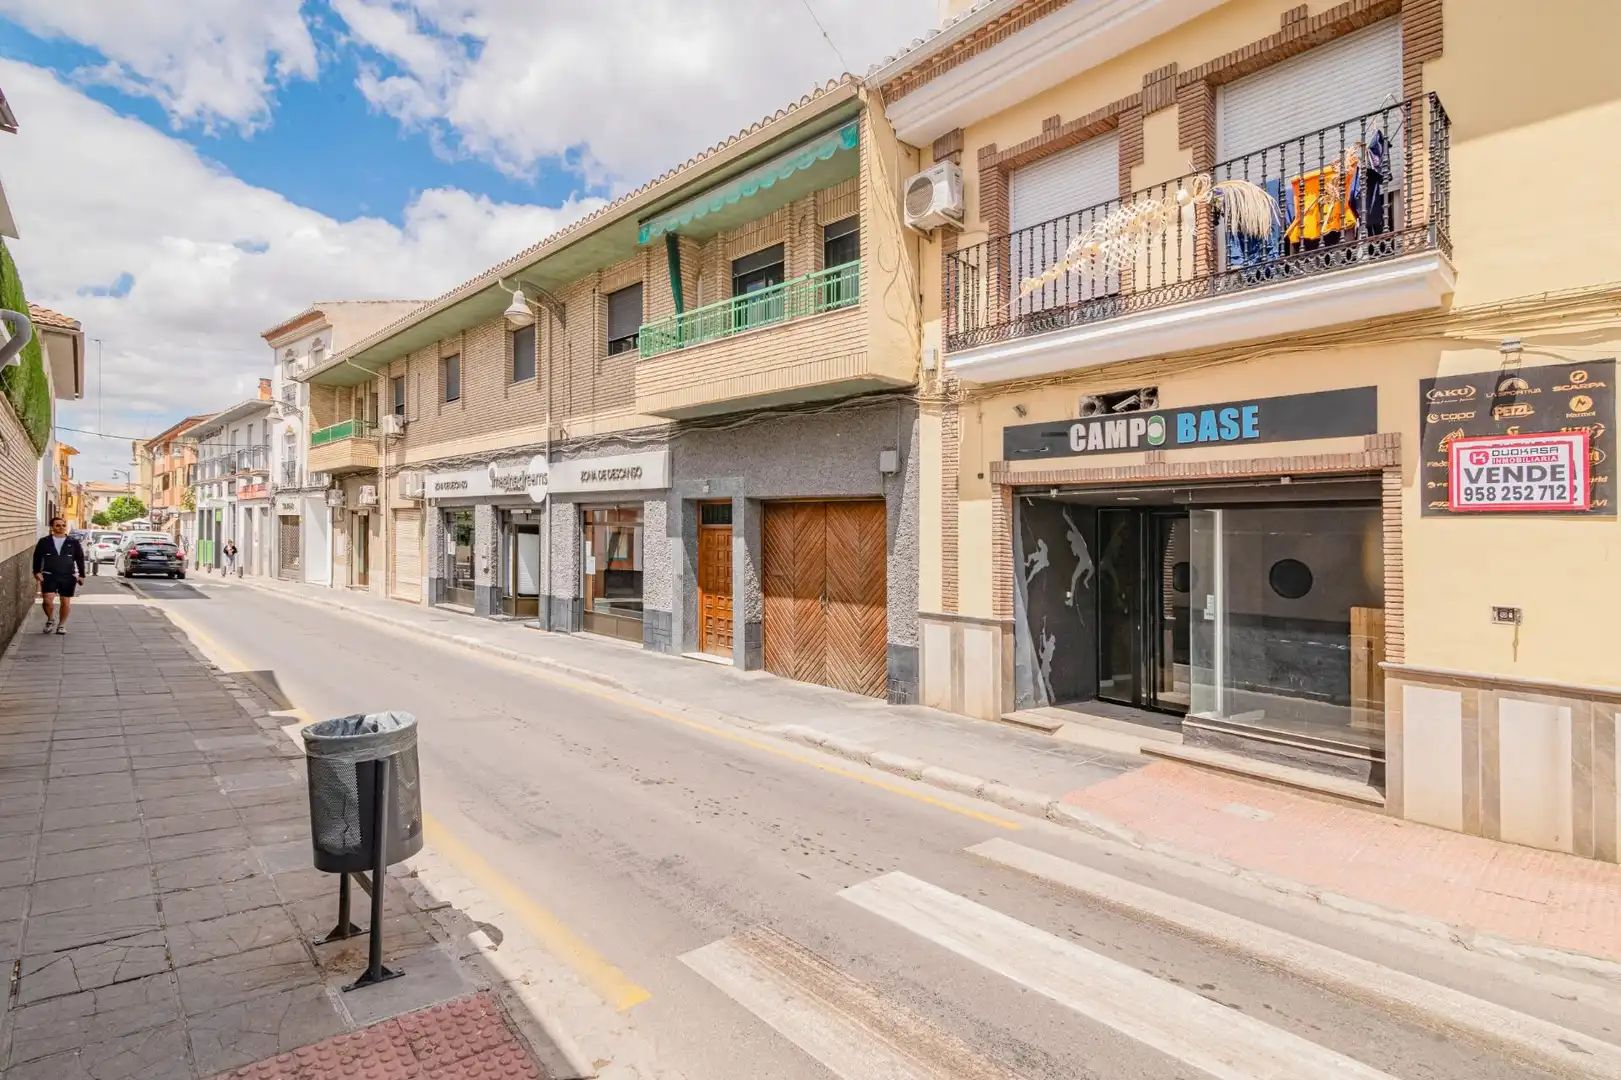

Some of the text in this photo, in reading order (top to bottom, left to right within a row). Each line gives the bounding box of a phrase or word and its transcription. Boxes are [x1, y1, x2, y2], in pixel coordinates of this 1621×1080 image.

[1433, 387, 1469, 398] AKU
[1552, 382, 1607, 392] SCARPA
[1494, 404, 1536, 421] PETZL
[1070, 405, 1260, 452] CAMPO BASE
[1491, 446, 1559, 457] DUOKASA
[1492, 455, 1559, 464] INMOBILIARIA
[1463, 464, 1566, 484] VENDE
[1464, 486, 1496, 502] 958
[1501, 485, 1534, 501] 252
[1538, 484, 1567, 501] 712

☆ ☆ ☆

== TASK DETAILS ==
Every line of the material must be repeated exactly; pictures stay out.

== RESPONSE FOR THIS EXERCISE ==
Some of the text in this photo, in reading order (top to bottom, left to right within a row). Each line gives the bounding box of a phrase or word and its transcription. Boxes are [x1, y1, x2, y2], in pixel coordinates of this 1621×1080 image.

[1433, 387, 1469, 398] AKU
[1552, 382, 1607, 392] SCARPA
[1494, 404, 1536, 421] PETZL
[1070, 405, 1260, 452] CAMPO BASE
[1491, 446, 1559, 457] DUOKASA
[1492, 455, 1559, 464] INMOBILIARIA
[1463, 464, 1566, 484] VENDE
[1464, 486, 1496, 502] 958
[1501, 485, 1534, 501] 252
[1538, 484, 1567, 501] 712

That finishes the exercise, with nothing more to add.